On the brink of her family's almost certain starvation, unable to come up with a solution, she resorted one night to rummaging through the trash of the bakery where the baker's wife promptly found her and screamed at her to get gone, which she did. Sort of. More like, she found her way to a nearby tree and slumped down against it, exhausted and empty-handed, suddenly without the will to do anything when faced with the reality of not being able to bring anything home for her sister and their mother. Behind the baker's wife, their son, Peeta stood and when the two went back inside, leaving Katniss seemingly alone, she thought they had gone for good, being under the impression that she too was gone. Not so. Muddled by fatigue, hunger, and hopelessness, eleven year-old Katniss then witnessed what was to become the source of one of her most nagging feelings, ever. There was the sound of someone being hit and more yelling before young Peeta came out into the rain with two full loaves of bread, burnt on the crust, ordered to toss it to the pigs. Instead, he tossed them to Katniss before quickly going back inside, all the while not looking at her. Taking the bread home, she could not figure out why he did it, and even more confusing was the feeling that he had dropped the loaves in the oven fire on purpose, as if to have an excuse to 'throw them out', which would explain his mother's anger (sort of). Still, as she could think of no reason he would do this, especially as he was hit for it judging by the weal on his face, she eventually concluded that it had to have been an accident, however fortunate of one for her. The next day at school when she spotted him, he did not look at her the whole time through until dismissal. When she went to pick up Prim she found him watching her and, though only for a moment, their gazes locked only to end just as abruptly, but when her eyes left Peeta Mellark, they found something else: a dandelion. "To this day, I can never shake the connection between this boy, Peeta Mellark, and the bread that gave me hope, and the dandelion that reminded me that I was not doomed."
It brings to her attention the fact that when her father was alive she spent much time in the woods with him, and in that time, learned the very things that might work to keep what was left of them alive.

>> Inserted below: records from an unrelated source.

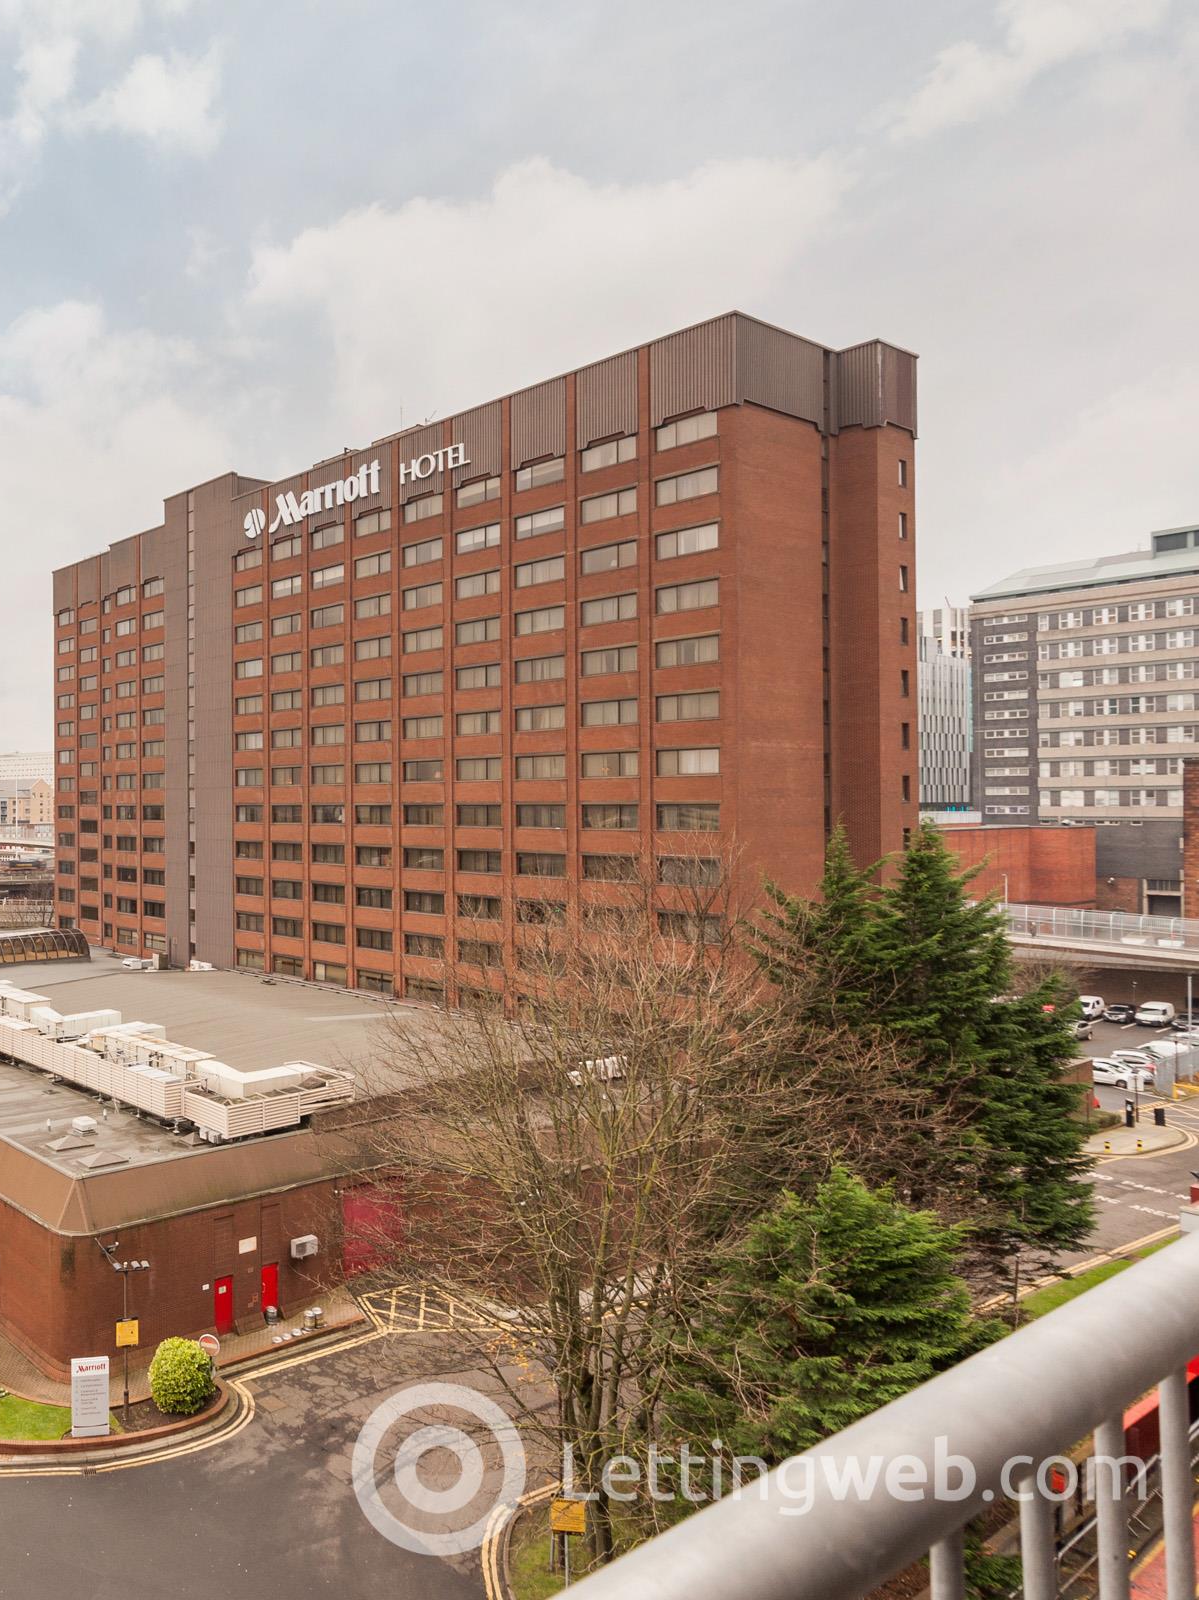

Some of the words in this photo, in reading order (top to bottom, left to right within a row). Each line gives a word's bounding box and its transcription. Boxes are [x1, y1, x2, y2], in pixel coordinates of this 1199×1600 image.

[268, 459, 381, 534] Marriott
[399, 442, 471, 485] HOTEL
[76, 1363, 106, 1373] Marriott
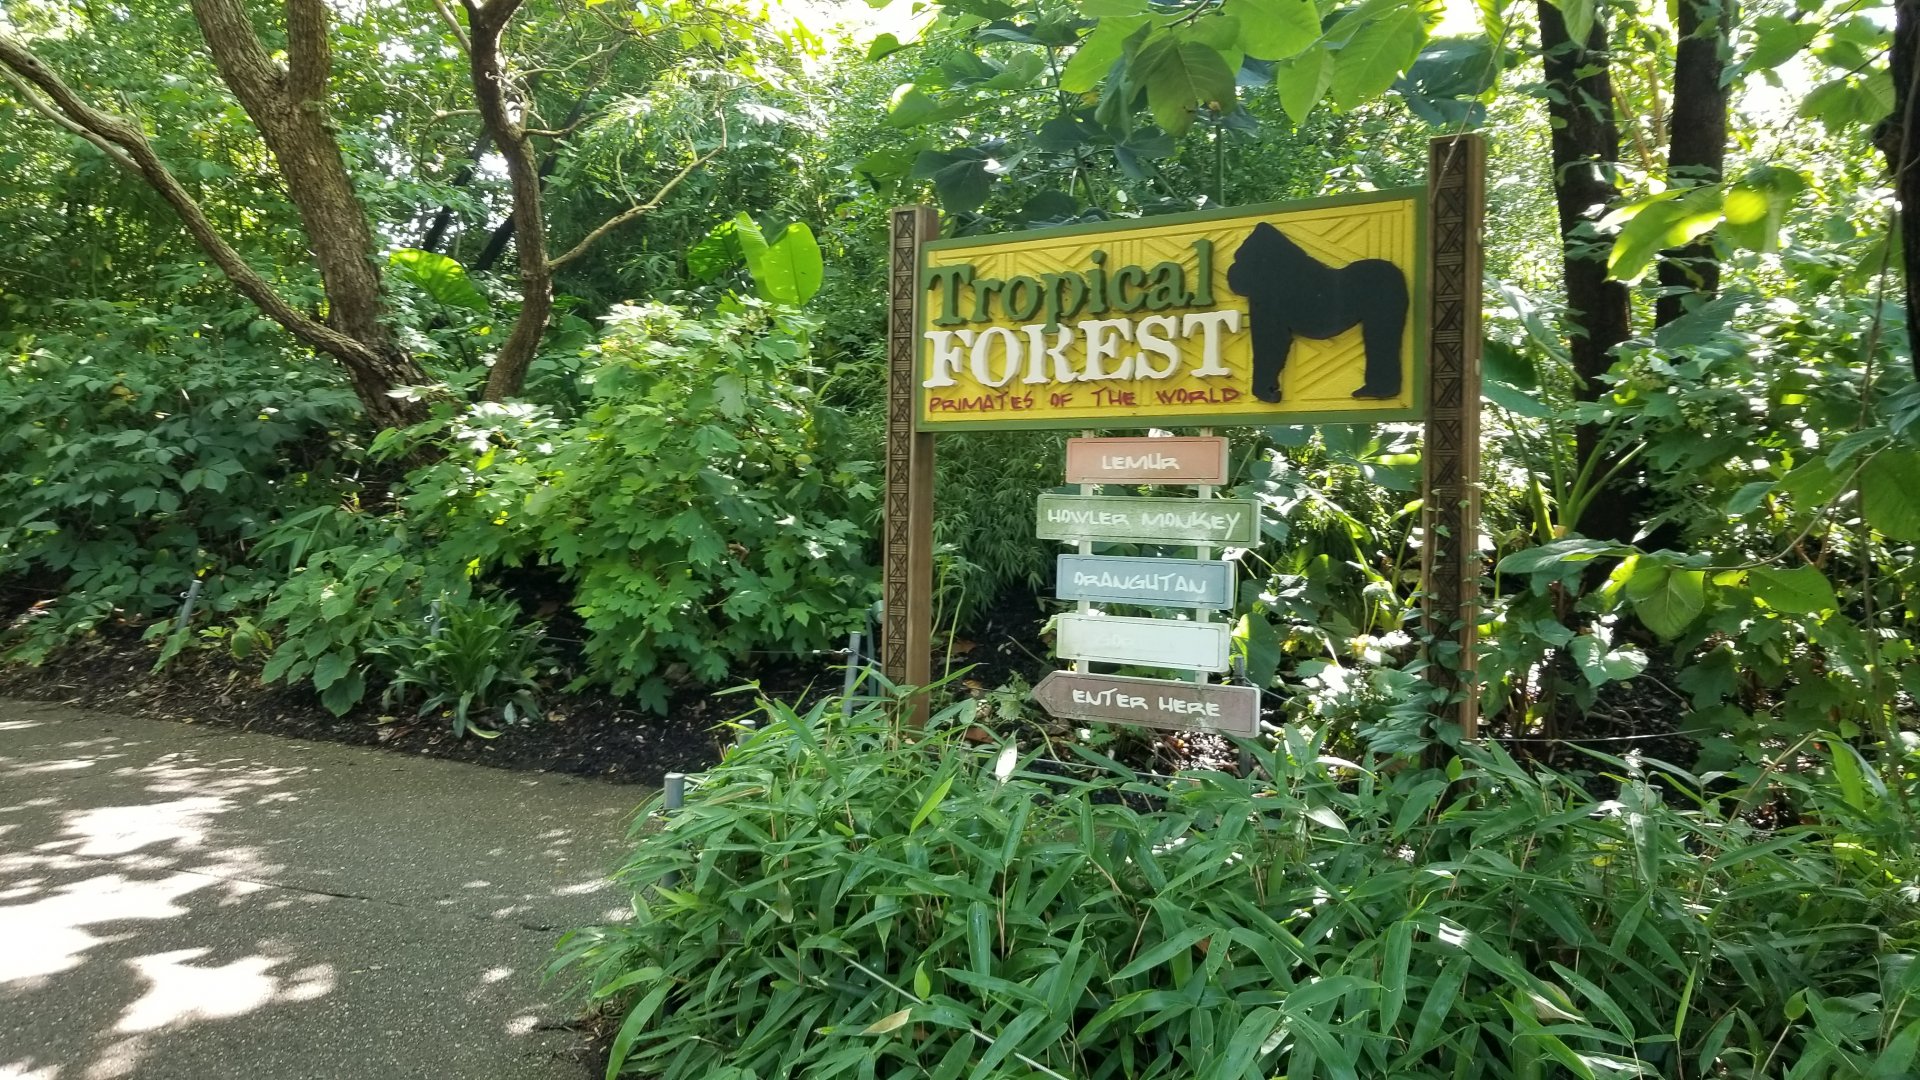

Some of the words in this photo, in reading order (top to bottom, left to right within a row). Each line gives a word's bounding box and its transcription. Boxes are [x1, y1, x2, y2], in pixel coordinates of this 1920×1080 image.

[924, 239, 1216, 335] Tropical
[922, 309, 1241, 388] FOREST
[929, 391, 1034, 412] PRIMATES
[1050, 392, 1073, 407] OF
[1091, 386, 1137, 407] THE
[1156, 387, 1241, 404] WORLD
[1102, 453, 1180, 470] LEMUR
[1048, 508, 1130, 526] HOWLER
[1141, 511, 1241, 540] MONKEY
[1073, 571, 1207, 594] ORANGUTAN
[1072, 688, 1149, 710] ENTER
[1158, 696, 1222, 717] HERE

Over the years, she provides for herself and Prim and their mother in this way, though at first her takings are quite meager as her snares do not work so well. This is where and when she meets Gale--her best friend and something more that there may not be an adequate word for just yet. Finding one of his traps with an actual kill in it, he lets her know that stealing is punishable by death, though this is a bit of a laugh as they are both already breaking the law by being in the woods---the beginning of the area beyond the fence that locks in District 12. Oddly enough, Gale is after the initial run-in, much faster to befriend Katniss than the other way around, but by the time the book actively starts, they are fast, fast friends and their regular meetings to hunt and gather are precious to both of them, if tinged by differing reasons. At this point, however, when the story takes off, their comfort is stolen out from under them by The Reaping, an annual drawing of slots for two children--one boy and one girl--for a thing named The Hunger Games, an all-out fight between the youth of every district arranged to remind everyone that the Capitol's power is absolute. It equates to the government saying 'look, we can send your children to the slaughter, remember that and just how much worse it could be if you should ever think of insubordination' or something like that. As it happens, Katniss is not called but her sister, Prim who is only twelve, does get her name drawn and it is this which sets things rolling. Katniss, who loves Prim Everdeen more than anything, more than anyone, more than she herself likely would ever think herself capable of without her, volunteers in her place. This, it must be noted, is typically unheard of. Girl tribute chosen, the boy is then called and lo, it is someone familiar to her: Peeta Mellark. Their mentor is Haymitch Abernathy the only still living tribute of District 12. Haymitch--victor of the 50th Hunger Games--at first is nothing but a drunk laughing stock. Only once they make it abundantly clear that they are determined to survive does he sharpen up, and though he does not say it at the time, he makes the decision to favor Katniss. He does this (we later discover) because he knows that Peeta wants to keep Katniss alive and, thinking that only one person can win as has been the custom, he believes this is the most realistic way to make their fighting chance worthwhile.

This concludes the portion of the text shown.